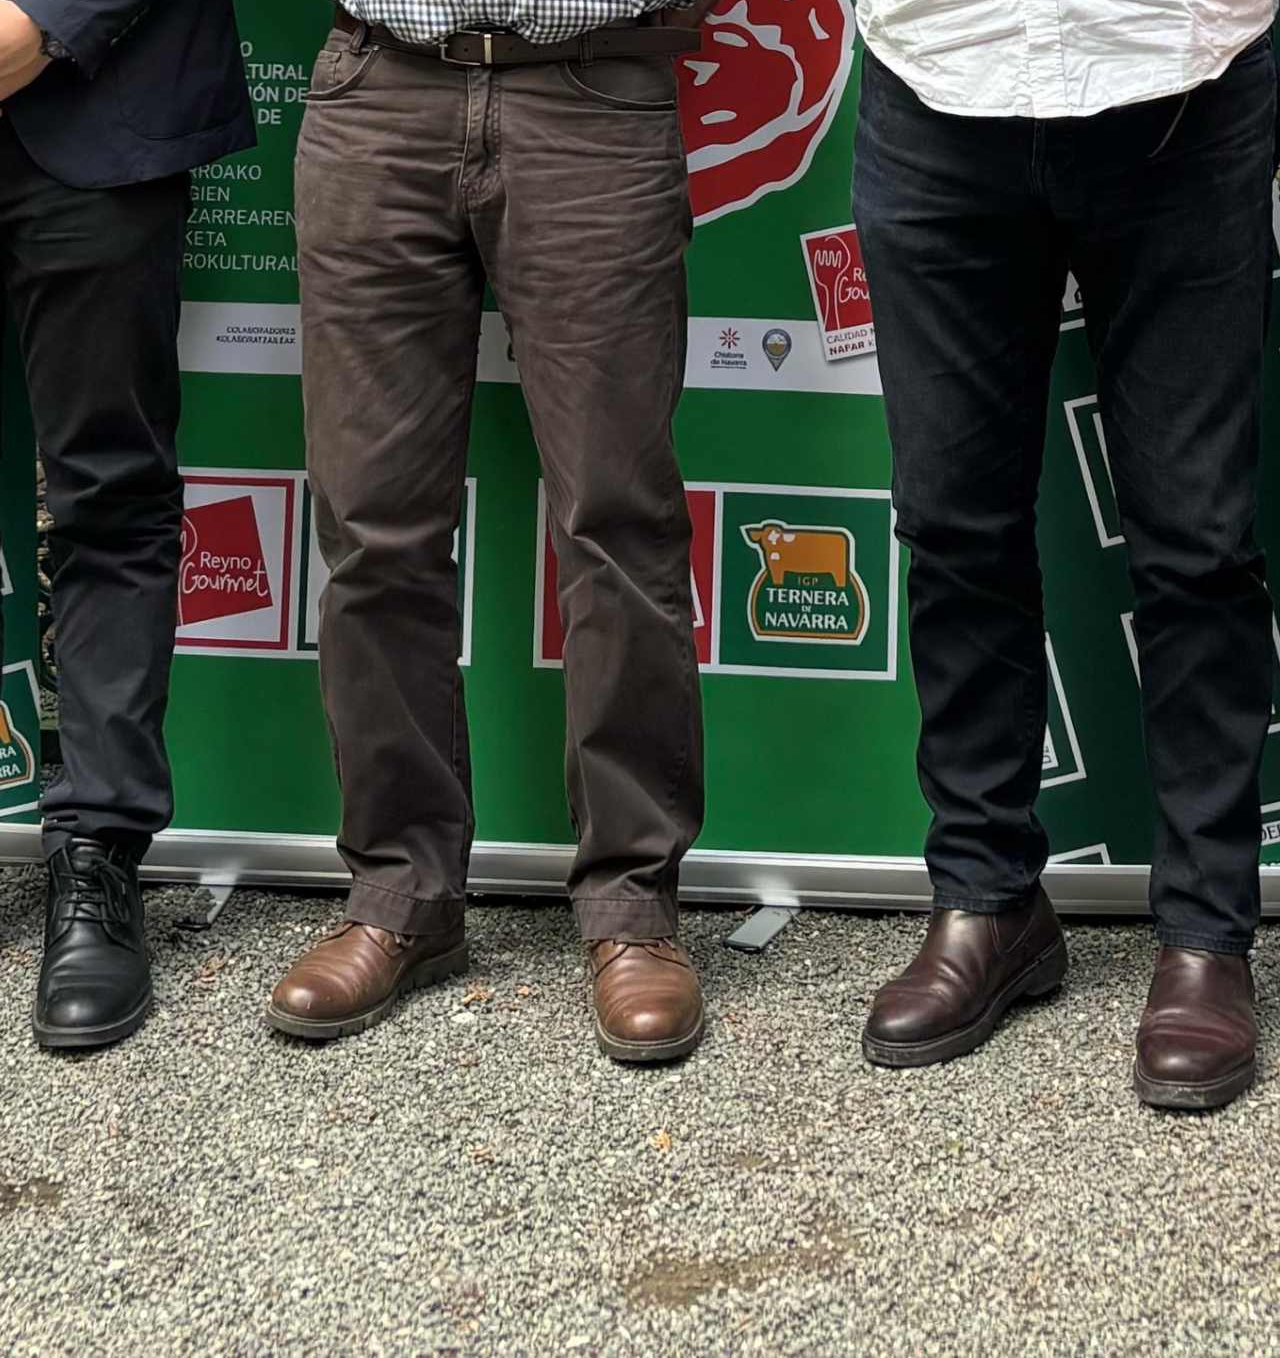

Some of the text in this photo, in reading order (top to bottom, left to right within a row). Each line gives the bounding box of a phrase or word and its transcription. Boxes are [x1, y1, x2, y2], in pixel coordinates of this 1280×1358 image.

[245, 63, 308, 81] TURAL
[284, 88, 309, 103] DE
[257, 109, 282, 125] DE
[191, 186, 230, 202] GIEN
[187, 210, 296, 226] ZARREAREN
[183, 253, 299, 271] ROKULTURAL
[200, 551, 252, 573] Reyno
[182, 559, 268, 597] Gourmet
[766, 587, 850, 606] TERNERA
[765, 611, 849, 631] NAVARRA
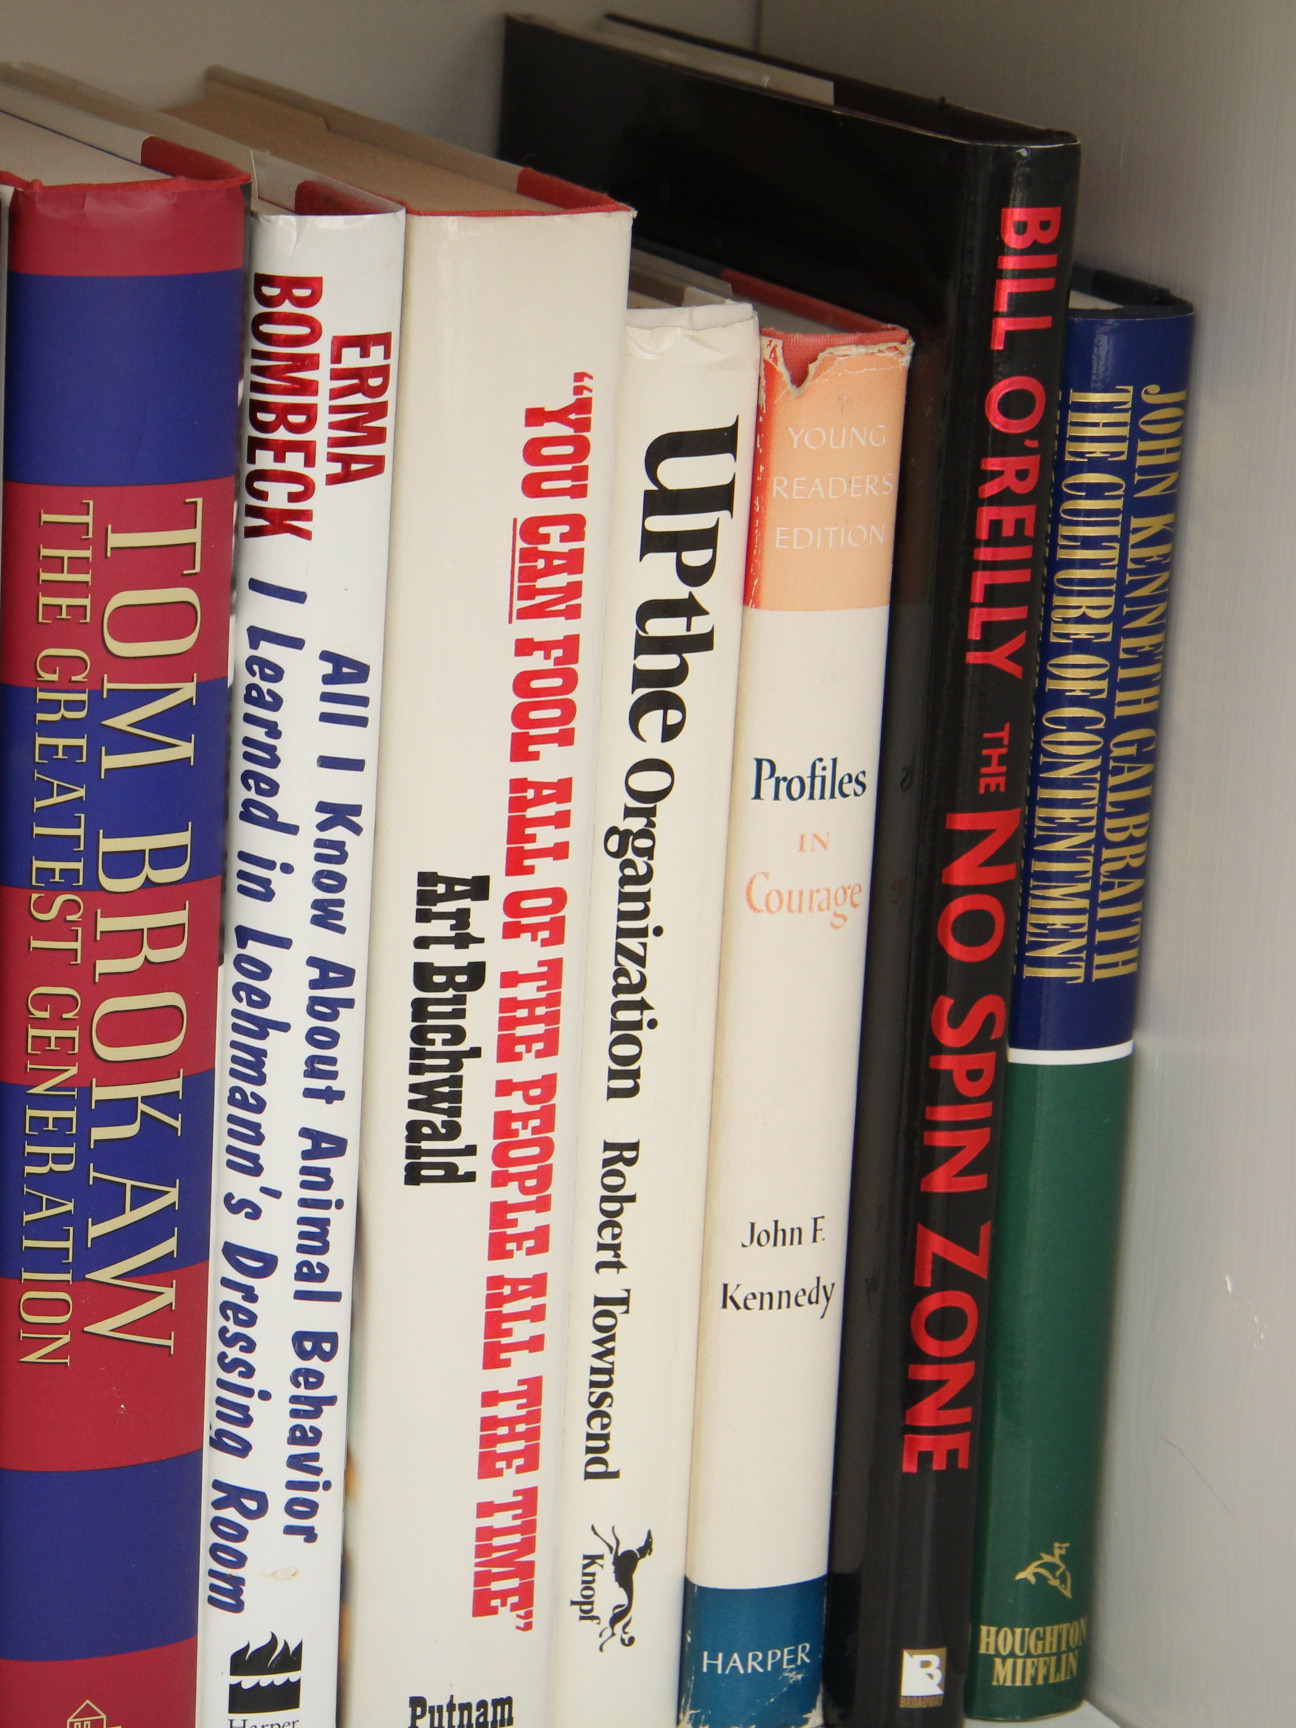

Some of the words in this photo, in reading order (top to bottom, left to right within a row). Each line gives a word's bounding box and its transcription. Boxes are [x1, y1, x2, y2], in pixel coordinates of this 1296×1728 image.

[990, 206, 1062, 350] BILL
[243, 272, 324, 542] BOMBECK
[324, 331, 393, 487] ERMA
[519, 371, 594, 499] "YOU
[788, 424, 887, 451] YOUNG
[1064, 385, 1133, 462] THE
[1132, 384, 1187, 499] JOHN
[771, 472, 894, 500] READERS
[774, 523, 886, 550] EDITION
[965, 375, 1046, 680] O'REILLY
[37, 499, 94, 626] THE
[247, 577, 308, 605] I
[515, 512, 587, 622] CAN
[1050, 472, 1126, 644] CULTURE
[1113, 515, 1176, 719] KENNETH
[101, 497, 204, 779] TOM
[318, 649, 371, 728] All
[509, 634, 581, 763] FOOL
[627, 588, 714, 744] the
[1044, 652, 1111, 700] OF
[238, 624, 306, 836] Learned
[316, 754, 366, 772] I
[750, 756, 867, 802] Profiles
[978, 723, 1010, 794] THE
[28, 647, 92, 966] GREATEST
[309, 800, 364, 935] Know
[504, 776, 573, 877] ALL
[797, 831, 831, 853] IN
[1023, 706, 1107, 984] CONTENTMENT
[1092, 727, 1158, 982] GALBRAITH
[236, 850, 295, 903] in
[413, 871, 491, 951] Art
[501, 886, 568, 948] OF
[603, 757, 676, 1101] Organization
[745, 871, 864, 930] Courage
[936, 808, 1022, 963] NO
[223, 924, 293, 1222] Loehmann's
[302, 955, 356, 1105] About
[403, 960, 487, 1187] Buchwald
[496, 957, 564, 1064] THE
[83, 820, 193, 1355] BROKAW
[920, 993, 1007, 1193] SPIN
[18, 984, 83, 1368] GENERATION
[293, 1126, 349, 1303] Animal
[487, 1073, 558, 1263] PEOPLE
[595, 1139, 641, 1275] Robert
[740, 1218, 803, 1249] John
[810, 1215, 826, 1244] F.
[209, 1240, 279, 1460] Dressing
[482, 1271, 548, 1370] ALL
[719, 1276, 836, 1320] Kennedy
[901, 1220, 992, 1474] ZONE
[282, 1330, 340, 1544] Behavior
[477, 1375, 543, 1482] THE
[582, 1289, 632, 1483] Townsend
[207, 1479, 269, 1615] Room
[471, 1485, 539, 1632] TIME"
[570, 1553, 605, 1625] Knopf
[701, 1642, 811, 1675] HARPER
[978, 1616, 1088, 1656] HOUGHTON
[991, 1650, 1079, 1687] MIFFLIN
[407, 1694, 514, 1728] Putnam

##############################

◆ Exercise requirements ◆
An exact restatement of the entries above is needed; no picture may appear in it.

◆ Problem solution ◆
Some of the text in this photo, in reading order (top to bottom, left to right within a row). Each line gives the bounding box of a phrase or word and its transcription. Boxes are [x1, y1, x2, y2], in pixel coordinates of this 1280×1358 image.

[245, 63, 308, 81] TURAL
[284, 88, 309, 103] DE
[257, 109, 282, 125] DE
[191, 186, 230, 202] GIEN
[187, 210, 296, 226] ZARREAREN
[183, 253, 299, 271] ROKULTURAL
[200, 551, 252, 573] Reyno
[182, 559, 268, 597] Gourmet
[766, 587, 850, 606] TERNERA
[765, 611, 849, 631] NAVARRA

Some of the words in this photo, in reading order (top to bottom, left to right within a row). Each line gives a word's bounding box and its transcription. Boxes are [x1, y1, x2, y2], in pixel coordinates of this 1296×1728 image.

[990, 206, 1062, 350] BILL
[243, 272, 324, 542] BOMBECK
[324, 331, 393, 487] ERMA
[519, 371, 594, 499] "YOU
[788, 424, 887, 451] YOUNG
[1064, 385, 1133, 462] THE
[1132, 384, 1187, 499] JOHN
[771, 472, 894, 500] READERS
[774, 523, 886, 550] EDITION
[965, 375, 1046, 680] O'REILLY
[37, 499, 94, 626] THE
[247, 577, 308, 605] I
[515, 512, 587, 622] CAN
[1050, 472, 1126, 644] CULTURE
[1113, 515, 1176, 719] KENNETH
[101, 497, 204, 779] TOM
[318, 649, 371, 728] All
[509, 634, 581, 763] FOOL
[627, 588, 714, 744] the
[1044, 652, 1111, 700] OF
[238, 624, 306, 836] Learned
[316, 754, 366, 772] I
[750, 756, 867, 802] Profiles
[978, 723, 1010, 794] THE
[28, 647, 92, 966] GREATEST
[309, 800, 364, 935] Know
[504, 776, 573, 877] ALL
[797, 831, 831, 853] IN
[1023, 706, 1107, 984] CONTENTMENT
[1092, 727, 1158, 982] GALBRAITH
[236, 850, 295, 903] in
[413, 871, 491, 951] Art
[501, 886, 568, 948] OF
[603, 757, 676, 1101] Organization
[745, 871, 864, 930] Courage
[936, 808, 1022, 963] NO
[223, 924, 293, 1222] Loehmann's
[302, 955, 356, 1105] About
[403, 960, 487, 1187] Buchwald
[496, 957, 564, 1064] THE
[83, 820, 193, 1355] BROKAW
[920, 993, 1007, 1193] SPIN
[18, 984, 83, 1368] GENERATION
[293, 1126, 349, 1303] Animal
[487, 1073, 558, 1263] PEOPLE
[595, 1139, 641, 1275] Robert
[740, 1218, 803, 1249] John
[810, 1215, 826, 1244] F.
[209, 1240, 279, 1460] Dressing
[482, 1271, 548, 1370] ALL
[719, 1276, 836, 1320] Kennedy
[901, 1220, 992, 1474] ZONE
[282, 1330, 340, 1544] Behavior
[477, 1375, 543, 1482] THE
[582, 1289, 632, 1483] Townsend
[207, 1479, 269, 1615] Room
[471, 1485, 539, 1632] TIME"
[570, 1553, 605, 1625] Knopf
[701, 1642, 811, 1675] HARPER
[978, 1616, 1088, 1656] HOUGHTON
[991, 1650, 1079, 1687] MIFFLIN
[407, 1694, 514, 1728] Putnam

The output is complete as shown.